To build these tables, the engine calls GetStringType and LCMapString, which can return information for an entire string of characters. To work around the limitations of Windows 95 or Win32s, which do not support the wide-character NLSAPI functions, the code calls several additional functions. First it calls EnumSystemCodePages to determine which code-page conversion tables are installed in the user's system. (Remember that the engine does internal processing in Unicode.) After the engine has determined which code pages the user's system supports, it marks the characters contained in those code pages as "valid" for the user's system by adding character type information in the corresponding table entries.

If the user is running WinHelp on a DBCS system (Chinese, Japanese, Korean, or Thai Windows 95, for example), the search engine also creates a table of legal 2-byte characters. It calls GetCPInfo to retrieve the MaxCharSize for each installed code page. If the MaxCharSize for a code page is 2, that code page is DBCS. Because GetCPInfo also returns the lead-byte ranges, the search engine can quickly iterate through all possible lead-byte and trail-byte combinations, calling MultiByteToWideChar with the flag MB_ERR_INVALID_CHAR to determine whether each combination is a valid character.

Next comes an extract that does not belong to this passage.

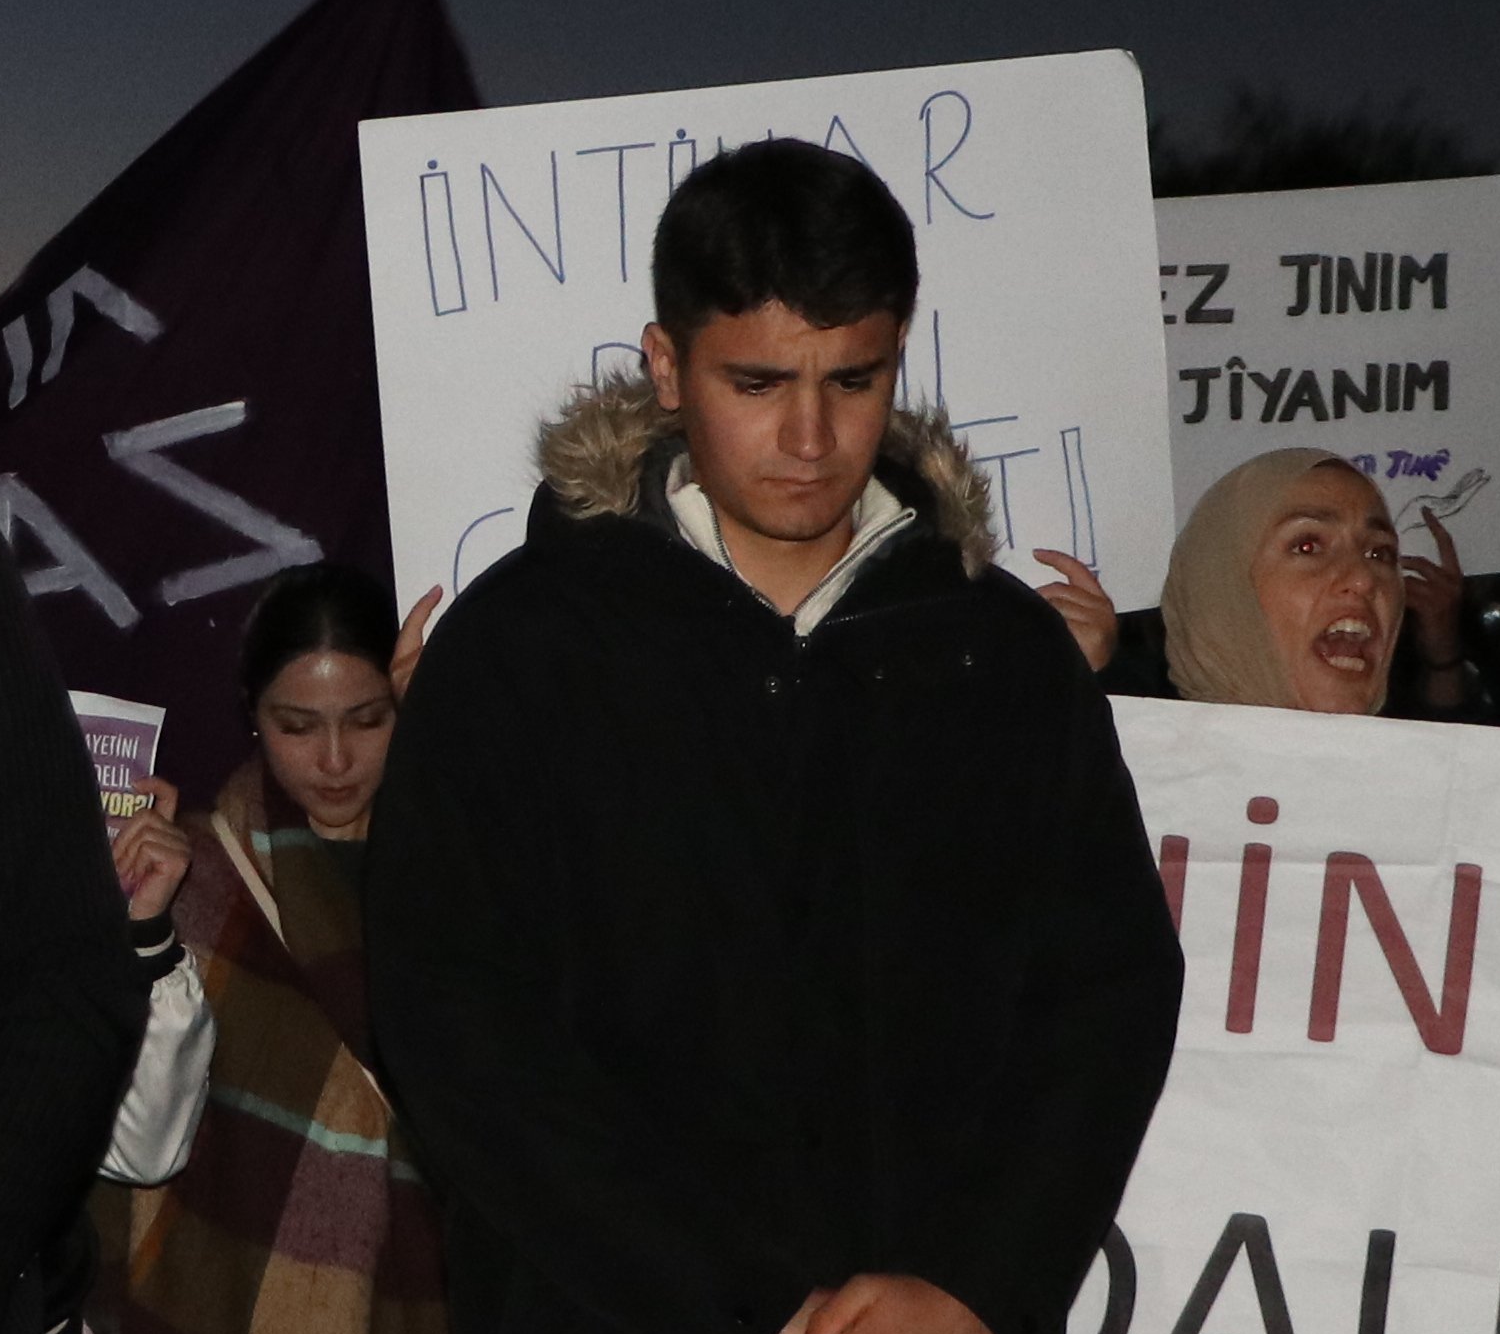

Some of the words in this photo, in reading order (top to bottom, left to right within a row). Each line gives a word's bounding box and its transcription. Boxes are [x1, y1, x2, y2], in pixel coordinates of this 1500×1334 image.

With this series of API calls, the search engine has constructed several tables that indicate which characters can be interpreted by the user's system. Next the engine calls GetStringType on these characters to determine their properties. Win32 separates character properties into three categories, which are listed in Figure 5-10 below with the constant values that GetStringType returns.

Category Constant Description
CTYPE 1    
  C1_UPPER Uppercase
  C1_LOWER Lowercase
  C1_DIGIT Decimal digits
  C1_SPACE Space characters
  C1_PUNCT Punctuation
  C1_CNTRL Control characters
  C1_BLANK Blank characters
  C1_XDIGIT Hex digits
  C1_ALPHA Any linguistic character (alphabetic, syllabary, and ideographic)
     
CTYPE 2    
Strong C2_LEFTTORIGHT Left to right
Directionality C2_RIGHTTOLEFT Right to left
     
Weak C2_EUROPENUMBER European number, European digit
Directionality C2_EUROPESEPARATOR European numeric separator
  C2_EUROPETERMINATOR European numeric terminator
  C2_ARABICNUMBER Arabic number
  C2_COMMONSEPARATOR Common numeric separator
     
Neutral C2_BLOCKSEPARATOR Block separator
  C2_SEGMENTSEPARATOR Segment separator
  C2_WHITESPACE White space
  C2_OTHERNEUTRAL Other neutrals
     
No Directionality C2_NOTAPPLICABLE No implicit directionality (for example, control codes)
     
CTYPE 3    
  C3_NONSPACING Nonspacing mark
  C3_DIACRITIC Nonspacing diacritic
  C3_VOWELMARK Nonspacing vowel mark
  C3_SYMBOL Symbol
  C3_KATAKANA Katakana character
  C3_HIRAGANA Hiragana character
  C3_HALFWIDTH Half-width character
  C3_FULLWIDTH Full-width character
  C3_IDEOGRAPH Ideographic character
  C3_KASHIDA Arabic kashida character
  C3_LEXICAL Punctuation that either is embedded in a word or appears at the end of a word and is still considered part of the word; items include the apostrophe, the kashida, the hyphen, feminine/masculine ordinal indicators, the equal sign (used as a hyphen in parts of Europe), and so on
  C3_ALPHA All linguistic characters (alphabetic, syllabary, and ideographic)
  C3_NOTAPPLICABLE Not applicable

Figure 5-10 CTYPE categories for the function GetStringType. The values that GetStringType returns are based on Unicode and remain constant, regardless of the default system locale or code page.

The WinHelp engine parses the text stream of each document character by character using these tables. It throws out white space and creates a list of words and punctuation sequences, which it then sorts.